The more I use these tools, the more real the fear gets. In college I ping-ponged between Finance and CS/DS. I joined a startup and tried to split the difference, then wandered back toward finance via VC.

Let’s oversimplify to make the point: Finance vs CS.

For a decade, software ate comp packages. Big tech threw six to seven figures at perfectly fine engineers. A junior could pull $150–$200K and start a YouTube channel for dessert. This year, junior SWE roles got slashed and a lot of that looks irreversible. The “major in CS, profit forever” narrative is wobbling.

Finance isn’t exactly a safe haven either.

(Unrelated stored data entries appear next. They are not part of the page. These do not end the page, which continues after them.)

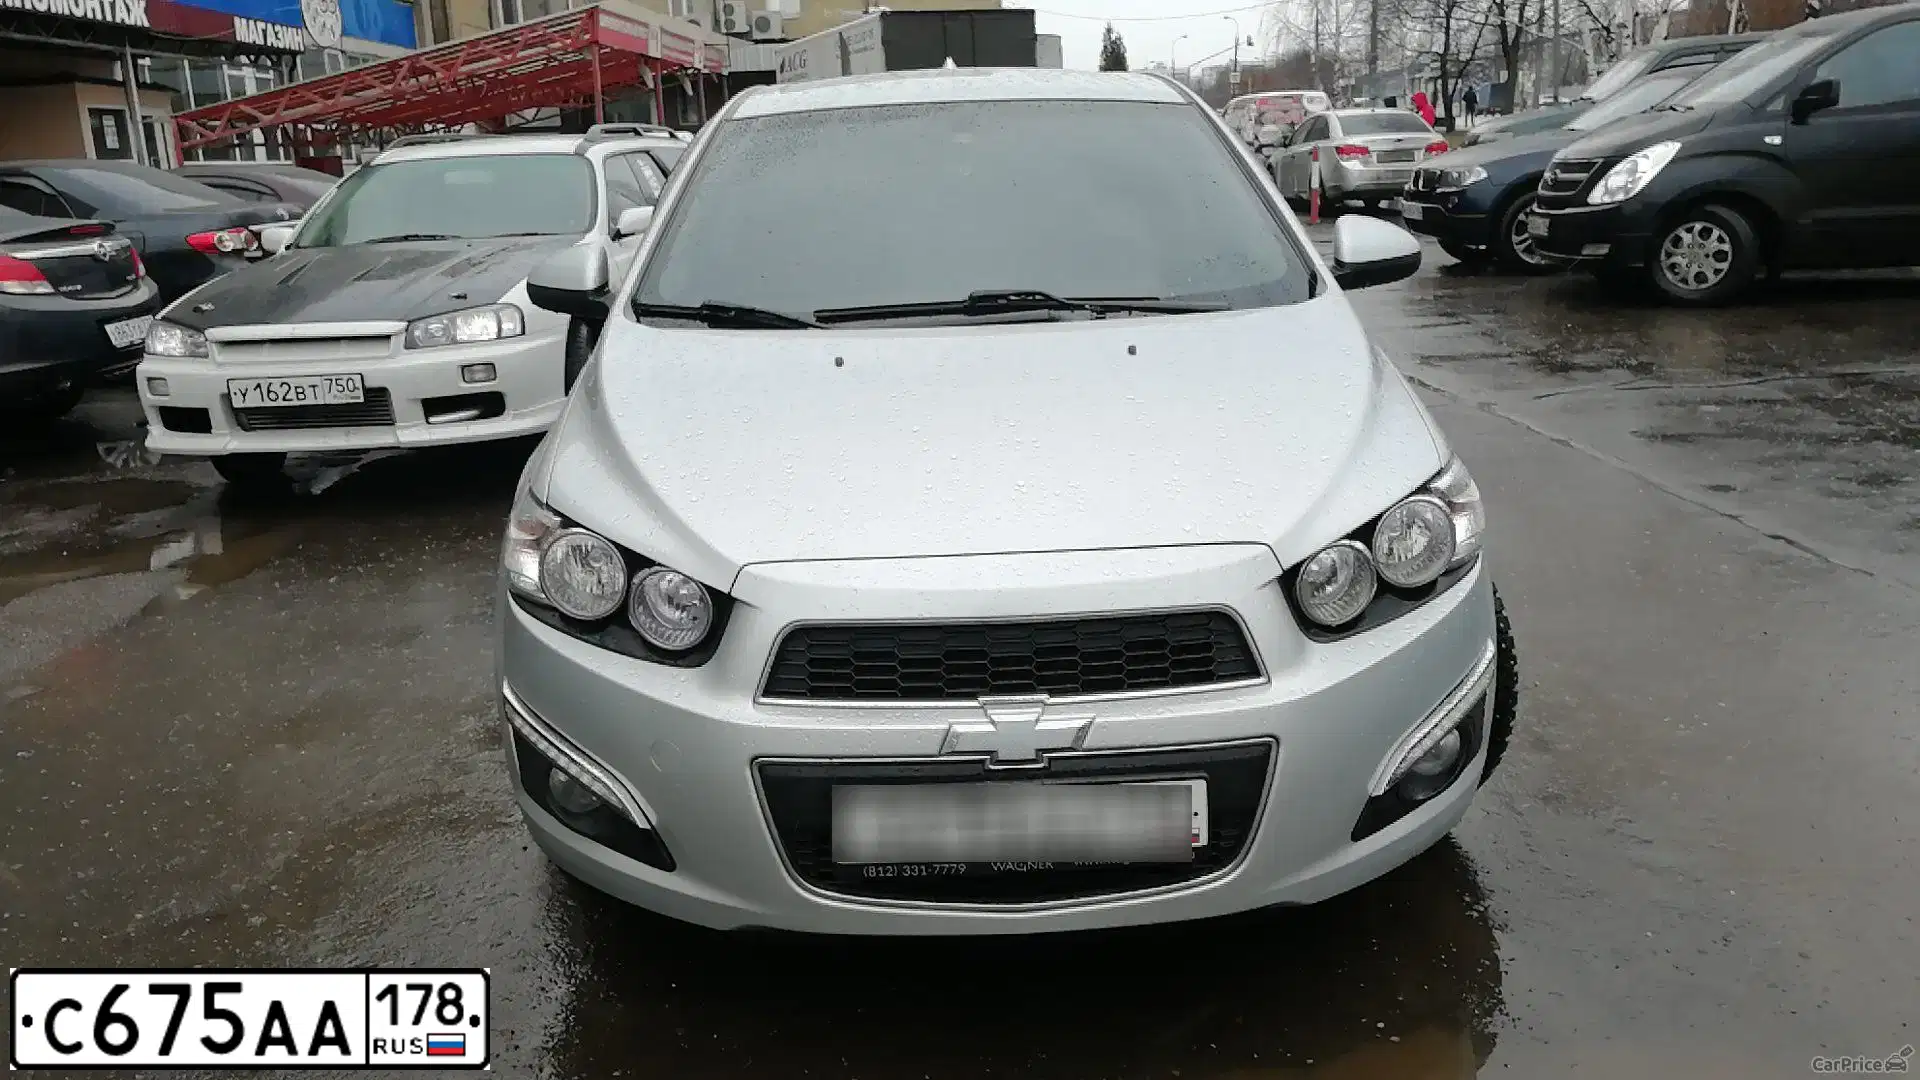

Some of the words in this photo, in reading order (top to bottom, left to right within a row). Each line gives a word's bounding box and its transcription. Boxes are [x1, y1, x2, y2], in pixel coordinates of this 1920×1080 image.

[233, 16, 304, 51] МАГАЗИН
[238, 381, 319, 404] У162ВТ
[324, 377, 356, 394] 750
[863, 865, 898, 877] (812)
[902, 863, 967, 876] 331-7779

Quants are feasting on AI, and “business analytics” grads keep popping out of every oven. Unless you’ve got closed data or a structural angle, what’s left that a garden-variety model can’t chew through.

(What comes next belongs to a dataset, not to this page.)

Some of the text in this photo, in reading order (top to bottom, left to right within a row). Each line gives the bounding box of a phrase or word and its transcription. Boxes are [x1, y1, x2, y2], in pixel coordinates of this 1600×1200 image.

It feels like a paradigm shift mid-render. The meta is unsettled. Maybe there won’t be another monolithic “golden era job” again. So what actually differentiates a person now?

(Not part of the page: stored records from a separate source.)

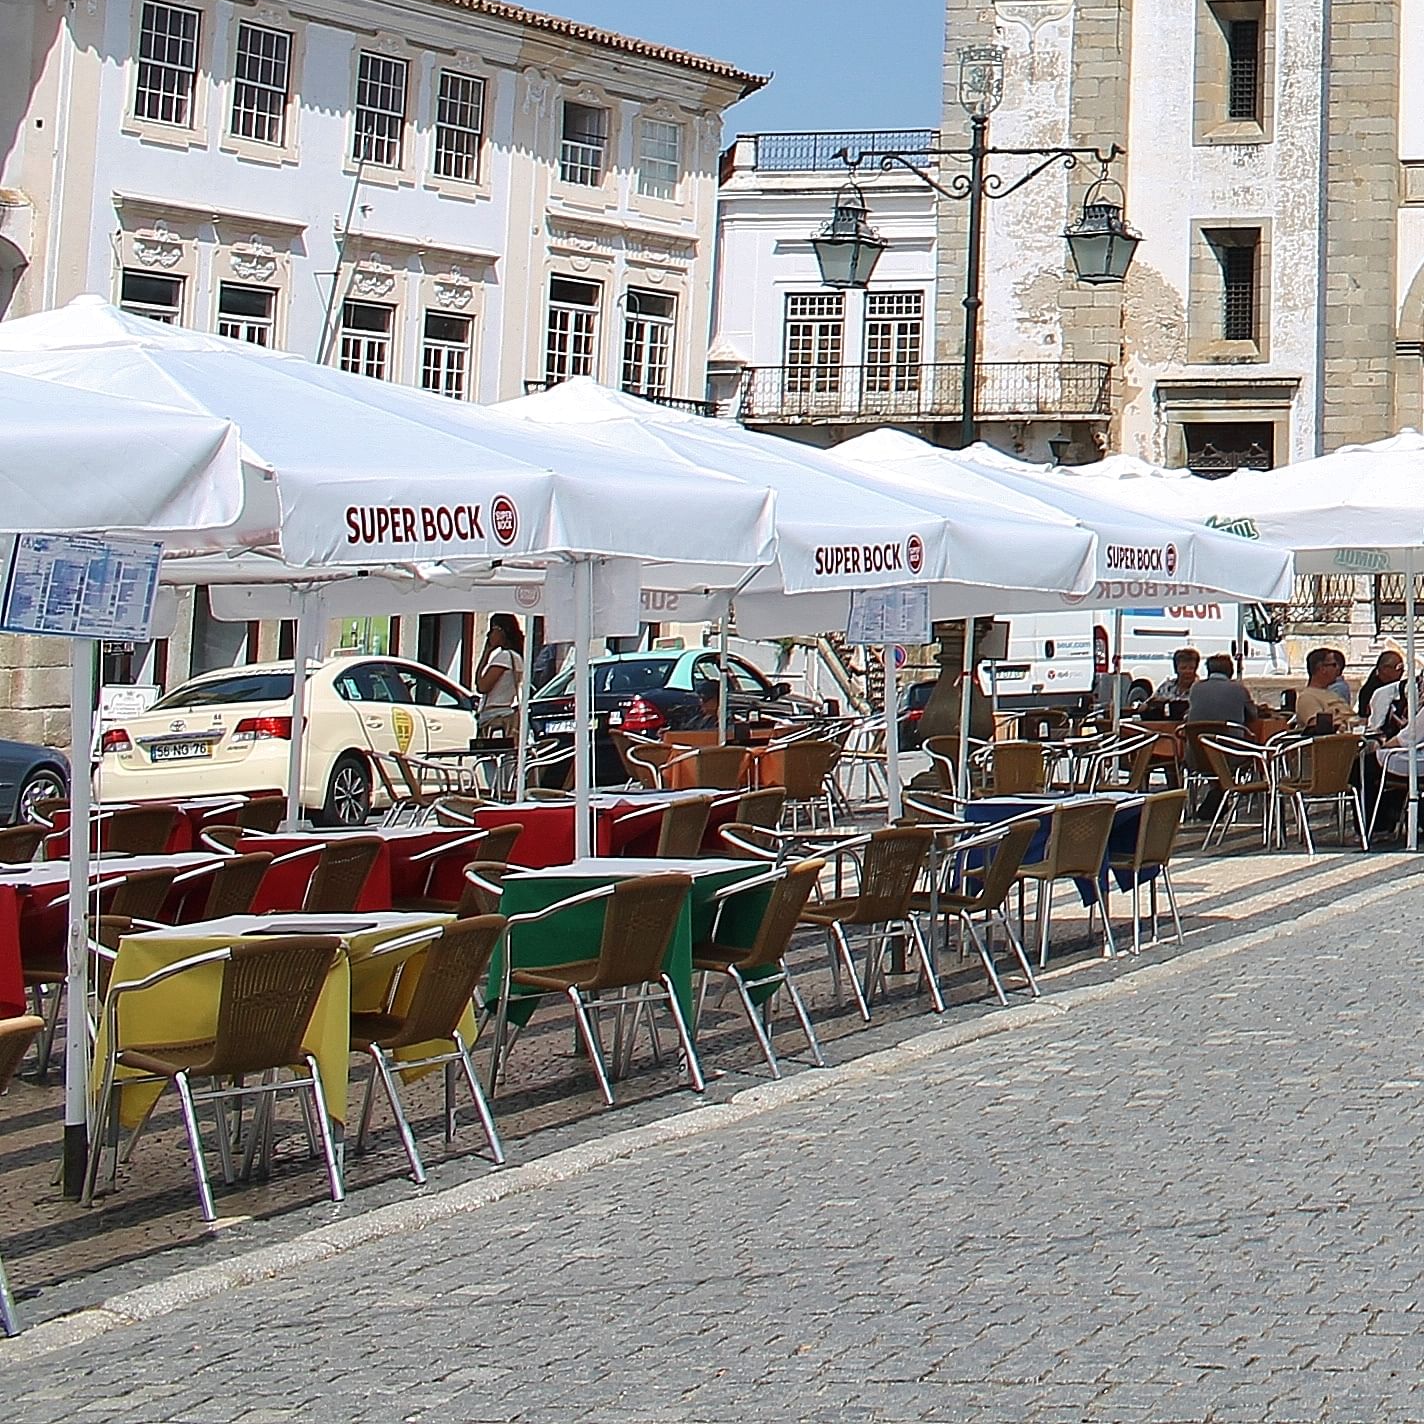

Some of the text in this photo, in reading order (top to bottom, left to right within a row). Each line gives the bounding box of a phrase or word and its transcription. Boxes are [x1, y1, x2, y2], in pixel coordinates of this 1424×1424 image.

[346, 505, 485, 544] SUPER BOCK
[815, 546, 861, 575] SUPER
[863, 543, 902, 573] BOCK
[1107, 545, 1136, 570] SUPER
[1137, 548, 1163, 571] BOCK
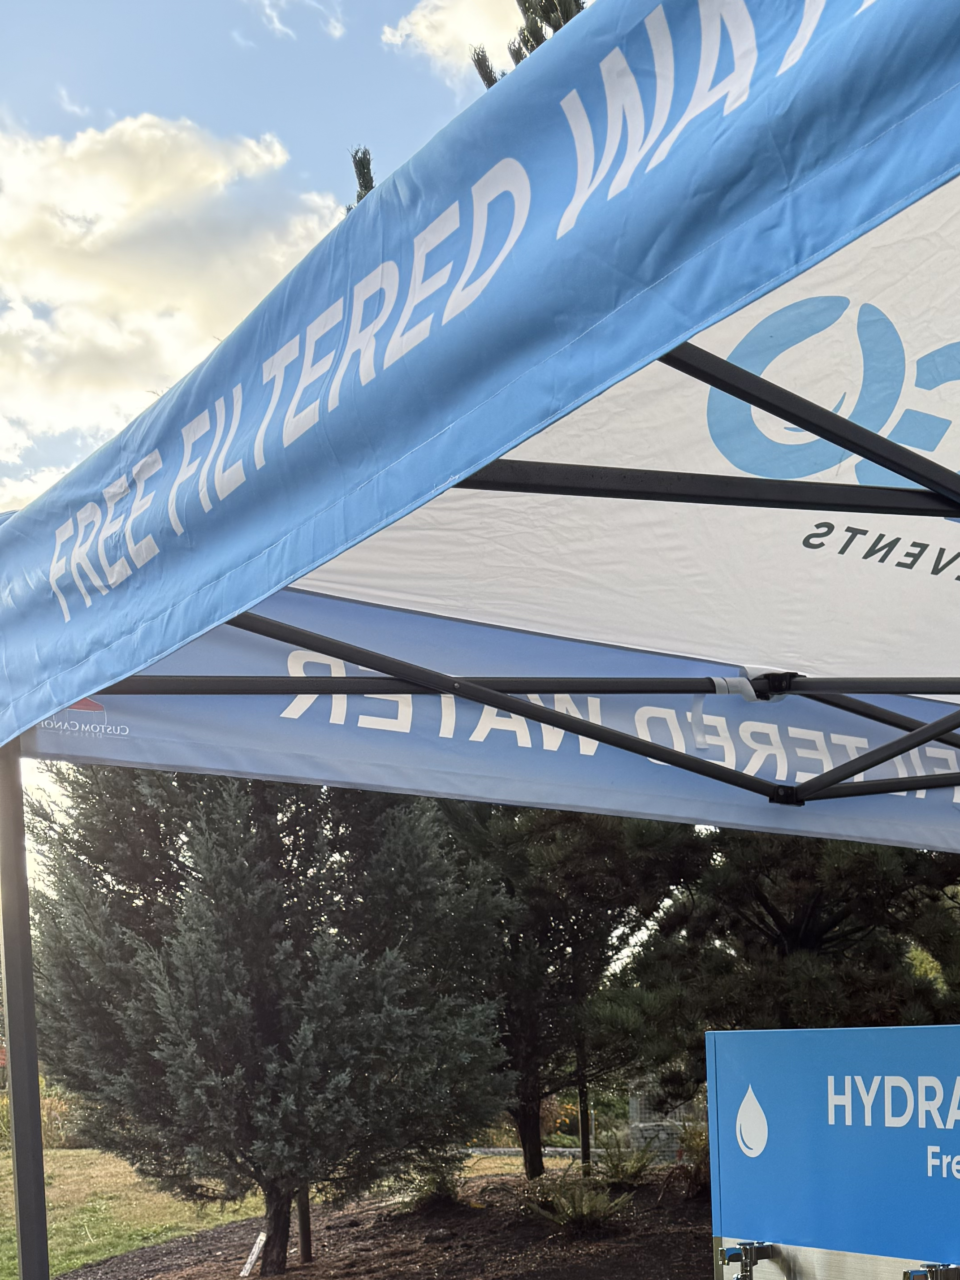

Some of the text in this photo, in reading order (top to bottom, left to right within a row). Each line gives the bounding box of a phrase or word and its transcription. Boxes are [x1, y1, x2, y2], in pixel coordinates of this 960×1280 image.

[50, 0, 873, 623] FREE FILTERED WA

Again, I have a mid-tier IQ and am wrong most of the time. But if I had to bet on traits, I’d pick these.

The Shortlist

Voracious learner

I genuinely think passion is still the cheat code. Most of us sit somewhere on the same bell curve of “natural ability,” so the separator isn’t IQ, it’s who’s willing to go full goblin mode for months reading, building, breaking, repeating, long after everyone else taps out. If you actually care, you’ll keep showing up when it’s boring, and that’s where compounding kicks in.

Be like water

When I say “be like water,” I mean the ability to unlearn. Drop the ego, abandon your old playbook, and pick up the tool or framework that’s objectively better, even if it nukes half your prior beliefs. That’s hard because it feels like admitting your past self was wrong. Do it anyway. In this era, stubbornness is expensive; flexibility pays.

BD/Sales muscles

No matter how fast products evolve, someone still has to move the thing. The job is simple but not easy: pick a target persona, test angles, get binary signals (yes or no), and then iterate your BD model like you would a product. Messaging, channel, offer, follow-ups: measure it, tweak it, ship it again.

Aggregator type of people

Think “Jupiter, but for humans.” It looks like BD, but the core skill is reading incentives across founders, users, investors, partners, maybe even regulators, then routing time/capital/attention so a deal clears that none of them could pull off alone. It’s multi-dimensional matchmaking: translate needs, align timing, compress trust gaps, and get everyone to yes.

Attention is all you need

AI is freeing up a ton of human productivity, which, let’s be honest, mostly flows into entertainment. Everything is fighting for your eyeballs: PS5, Netflix, podcasts, YouTube, whatever. Where attention goes, monetization follows. So write more, post on Threads, make videos, experiment in public. It might feel cringe on day one, but the EV is positive and the compounding is real.